Fig. 81 28 Cornmarket St, Oxford is a three-storied 15th century house with cellars. All floors were originally jettied but the ground floor has been under-built. There is a handsome corner post.
Fig. 82 Lady Row, York was a commercial development built in around 1316 in Holy Trinity Churchyard as an endowment for the chantry of the Blessed Virgin in the church. They are the earliest timber buildings in York and are a very early example of jettying.
Many townhouses were also shops. Trade was, of course, central to the purpose of towns; by 1234 Canterbury had 200 shops and by 1300 Chester had 270. But, as today, London was England’s shopping Mecca. Its principal shopping street, Cheapside, was 450 yards long and 20 yards wide. The shops, 400 of them lined on either side, were occupied by goldsmiths, mercers, drapers, spicers, saddlers, girdlers, chandlers, wiredrawers, bucklemakers, pursemakers, buttonmakers and more. The shops themselves were very narrow, typically only 6ft to 7ft wide, and about 10ft to 12ft deep. Elsewhere in the city, where land was less valuable, shops were wider, their frontages measuring between 15ft and 20ft. The shops had a window opening and a narrow door, and window shutters were lifted during the day to reveal large, round-headed openings. Most shoppers would have been served standing in the street, rather like in an Arab souk today. Jetties overhead would have kept off the rain. Like a souk, too, the interiors were crammed with goods, and merchants’ houses elsewhere in the city would have acted as warehouses to supply them. Most shops were of timber, but some party walls and some larger shops were of stone.26
No early medieval shops survive today unaltered and so we have to study later examples to get an understanding of how retail premises originally looked.
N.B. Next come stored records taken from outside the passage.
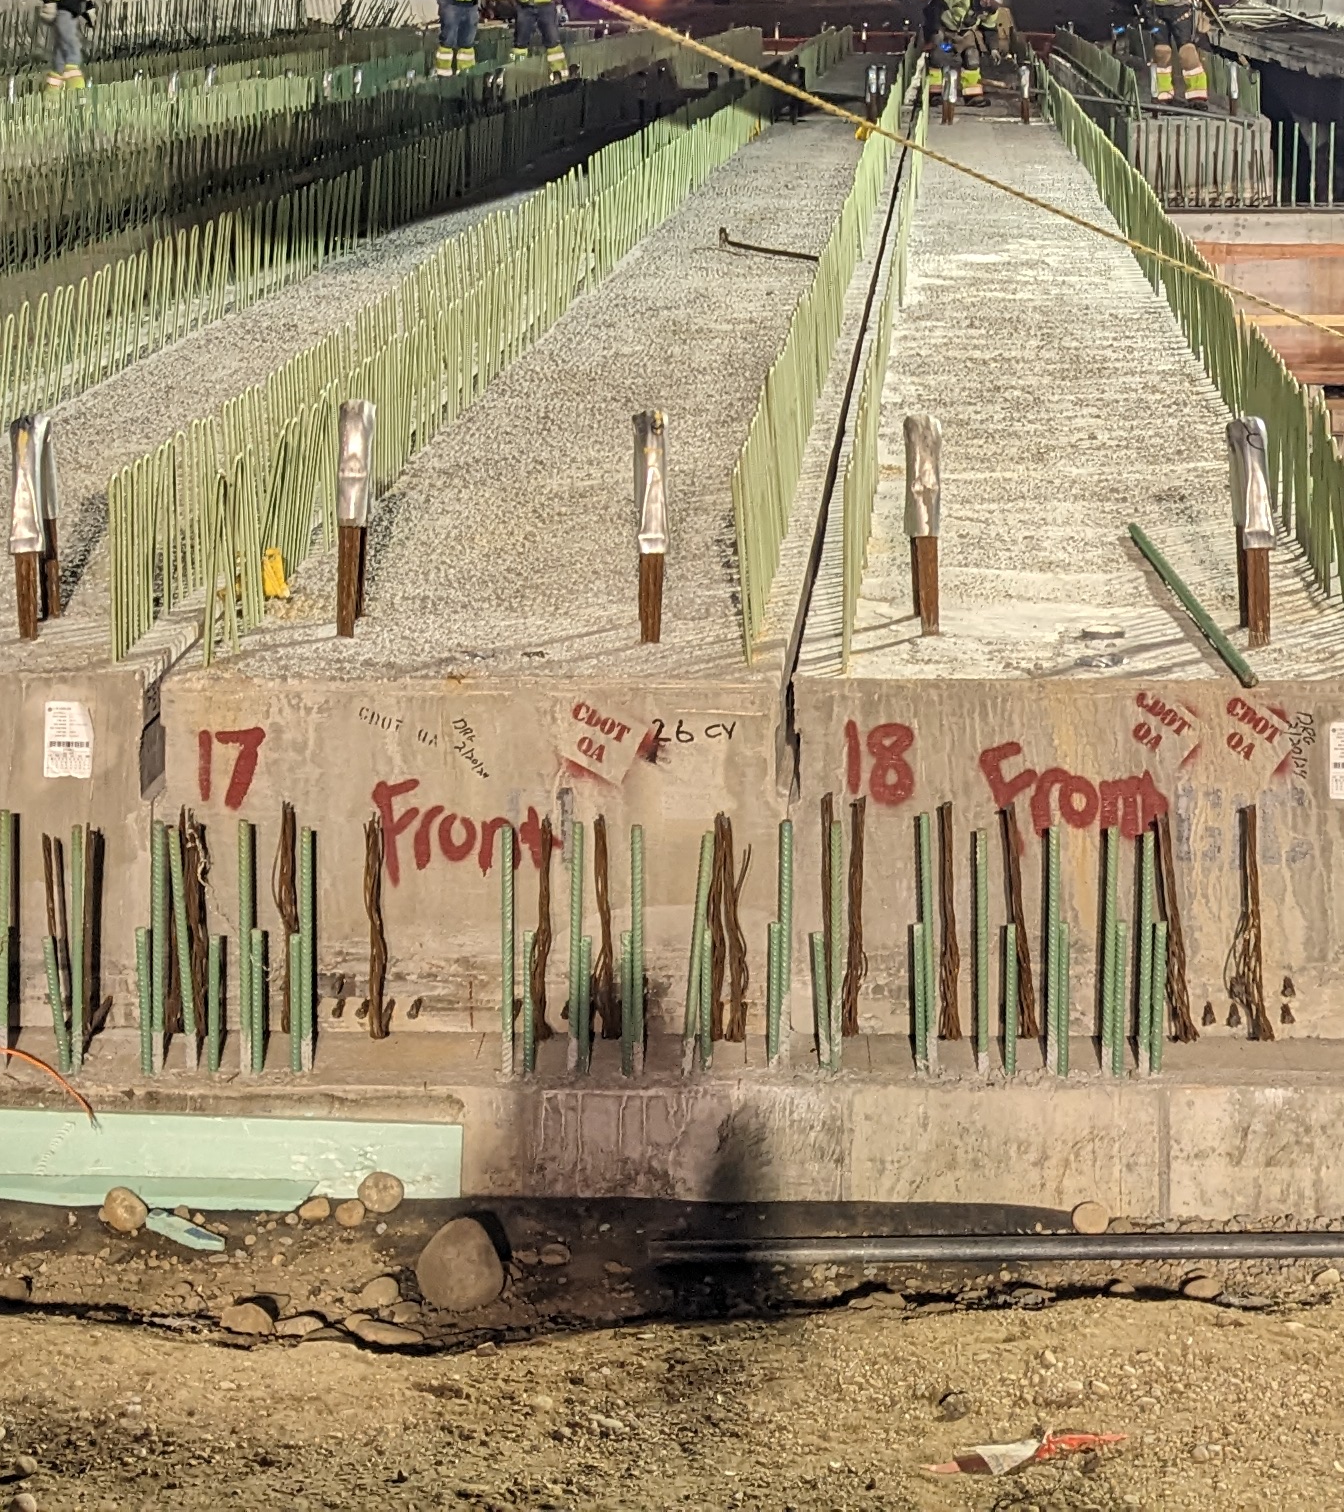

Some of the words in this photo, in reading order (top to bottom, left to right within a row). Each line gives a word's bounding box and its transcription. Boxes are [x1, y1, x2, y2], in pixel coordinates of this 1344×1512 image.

[571, 701, 631, 744] CDOT
[1132, 721, 1163, 752] QA
[1136, 692, 1192, 737] CDOT
[1226, 697, 1282, 744] CDOT
[197, 726, 266, 810] 17
[576, 735, 607, 764] QA
[844, 719, 915, 807] 18
[1226, 731, 1256, 761] QA
[370, 777, 564, 888] Front
Lady Row, Goodramgate, York, is a row of shops dating from 1316 that have lost their original windows (fig. 82). Lady Row is not untypical of what we know of commercial developments of shops built by single landlords and then rented to shopkeepers. The upper rooms may have been separately let as housing, or traders may have lived above their showrooms. A rare survival from c.1350 is 169 Spon Street, Coventry, a different type of shop, probably built by a merchant with a showroom on the street and a substantial house with a hall for the family behind (fig. 83).27
Fig. 83 169 Spon Street, Coventry. Although restored in 1970, this shop is a rare survivor from the 1350s in a district of Coventry devoted to the cloth and leather trades. No medieval shop in England survives with its original ground floor openings intact.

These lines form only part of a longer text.